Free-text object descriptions
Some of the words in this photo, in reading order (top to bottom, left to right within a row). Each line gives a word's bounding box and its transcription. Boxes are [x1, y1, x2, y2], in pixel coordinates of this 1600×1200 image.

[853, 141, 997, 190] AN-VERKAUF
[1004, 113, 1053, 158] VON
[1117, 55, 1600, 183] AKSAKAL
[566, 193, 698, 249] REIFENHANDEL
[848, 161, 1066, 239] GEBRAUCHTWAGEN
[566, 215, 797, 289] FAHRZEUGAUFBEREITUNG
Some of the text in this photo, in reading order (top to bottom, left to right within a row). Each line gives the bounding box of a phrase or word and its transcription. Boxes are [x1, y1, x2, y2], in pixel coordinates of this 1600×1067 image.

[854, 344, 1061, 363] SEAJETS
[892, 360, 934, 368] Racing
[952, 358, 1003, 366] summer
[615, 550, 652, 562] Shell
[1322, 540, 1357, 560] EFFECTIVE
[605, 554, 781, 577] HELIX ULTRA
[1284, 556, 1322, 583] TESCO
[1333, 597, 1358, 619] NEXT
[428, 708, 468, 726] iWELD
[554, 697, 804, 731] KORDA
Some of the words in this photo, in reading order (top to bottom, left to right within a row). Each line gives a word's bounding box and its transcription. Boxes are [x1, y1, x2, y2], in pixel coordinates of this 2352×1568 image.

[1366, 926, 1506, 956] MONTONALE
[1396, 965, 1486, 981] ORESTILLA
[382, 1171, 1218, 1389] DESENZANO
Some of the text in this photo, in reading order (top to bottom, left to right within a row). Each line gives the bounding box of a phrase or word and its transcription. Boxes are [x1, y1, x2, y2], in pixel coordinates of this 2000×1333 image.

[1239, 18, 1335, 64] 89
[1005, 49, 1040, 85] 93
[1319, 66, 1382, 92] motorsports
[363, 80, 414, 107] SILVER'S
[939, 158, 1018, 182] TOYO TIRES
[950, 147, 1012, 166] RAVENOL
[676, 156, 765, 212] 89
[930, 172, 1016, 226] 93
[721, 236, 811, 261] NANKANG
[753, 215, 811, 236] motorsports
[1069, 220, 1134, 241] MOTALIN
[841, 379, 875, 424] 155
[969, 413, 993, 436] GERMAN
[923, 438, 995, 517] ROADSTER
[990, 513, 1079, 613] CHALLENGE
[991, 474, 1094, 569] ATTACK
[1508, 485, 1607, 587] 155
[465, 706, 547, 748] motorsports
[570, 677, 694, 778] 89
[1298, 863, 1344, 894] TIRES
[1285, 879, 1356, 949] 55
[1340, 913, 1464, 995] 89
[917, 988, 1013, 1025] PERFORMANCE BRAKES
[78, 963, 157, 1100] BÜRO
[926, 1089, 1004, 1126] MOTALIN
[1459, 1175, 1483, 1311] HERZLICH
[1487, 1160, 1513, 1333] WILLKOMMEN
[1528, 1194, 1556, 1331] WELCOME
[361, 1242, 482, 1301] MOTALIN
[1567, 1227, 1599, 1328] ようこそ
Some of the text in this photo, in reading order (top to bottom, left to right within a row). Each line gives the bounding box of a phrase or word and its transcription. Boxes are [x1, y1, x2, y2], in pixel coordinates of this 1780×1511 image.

#### [What is required]
Each line in the records above must be returned exactly as it stands.

#### [Result]
Some of the words in this photo, in reading order (top to bottom, left to right within a row). Each line gives a word's bounding box and its transcription. Boxes are [x1, y1, x2, y2], in pixel coordinates of this 1600×1200 image.

[853, 141, 997, 190] AN-VERKAUF
[1004, 113, 1053, 158] VON
[1117, 55, 1600, 183] AKSAKAL
[566, 193, 698, 249] REIFENHANDEL
[848, 161, 1066, 239] GEBRAUCHTWAGEN
[566, 215, 797, 289] FAHRZEUGAUFBEREITUNG
Some of the text in this photo, in reading order (top to bottom, left to right within a row). Each line gives the bounding box of a phrase or word and its transcription. Boxes are [x1, y1, x2, y2], in pixel coordinates of this 1600×1067 image.

[854, 344, 1061, 363] SEAJETS
[892, 360, 934, 368] Racing
[952, 358, 1003, 366] summer
[615, 550, 652, 562] Shell
[1322, 540, 1357, 560] EFFECTIVE
[605, 554, 781, 577] HELIX ULTRA
[1284, 556, 1322, 583] TESCO
[1333, 597, 1358, 619] NEXT
[428, 708, 468, 726] iWELD
[554, 697, 804, 731] KORDA
Some of the words in this photo, in reading order (top to bottom, left to right within a row). Each line gives a word's bounding box and its transcription. Boxes are [x1, y1, x2, y2], in pixel coordinates of this 2352×1568 image.

[1366, 926, 1506, 956] MONTONALE
[1396, 965, 1486, 981] ORESTILLA
[382, 1171, 1218, 1389] DESENZANO
Some of the text in this photo, in reading order (top to bottom, left to right within a row). Each line gives the bounding box of a phrase or word and its transcription. Boxes are [x1, y1, x2, y2], in pixel coordinates of this 2000×1333 image.

[1239, 18, 1335, 64] 89
[1005, 49, 1040, 85] 93
[1319, 66, 1382, 92] motorsports
[363, 80, 414, 107] SILVER'S
[939, 158, 1018, 182] TOYO TIRES
[950, 147, 1012, 166] RAVENOL
[676, 156, 765, 212] 89
[930, 172, 1016, 226] 93
[721, 236, 811, 261] NANKANG
[753, 215, 811, 236] motorsports
[1069, 220, 1134, 241] MOTALIN
[841, 379, 875, 424] 155
[969, 413, 993, 436] GERMAN
[923, 438, 995, 517] ROADSTER
[990, 513, 1079, 613] CHALLENGE
[991, 474, 1094, 569] ATTACK
[1508, 485, 1607, 587] 155
[465, 706, 547, 748] motorsports
[570, 677, 694, 778] 89
[1298, 863, 1344, 894] TIRES
[1285, 879, 1356, 949] 55
[1340, 913, 1464, 995] 89
[917, 988, 1013, 1025] PERFORMANCE BRAKES
[78, 963, 157, 1100] BÜRO
[926, 1089, 1004, 1126] MOTALIN
[1459, 1175, 1483, 1311] HERZLICH
[1487, 1160, 1513, 1333] WILLKOMMEN
[1528, 1194, 1556, 1331] WELCOME
[361, 1242, 482, 1301] MOTALIN
[1567, 1227, 1599, 1328] ようこそ
Some of the text in this photo, in reading order (top to bottom, left to right within a row). Each line gives the bounding box of a phrase or word and its transcription. Boxes are [x1, y1, x2, y2], in pixel coordinates of this 1780×1511 image.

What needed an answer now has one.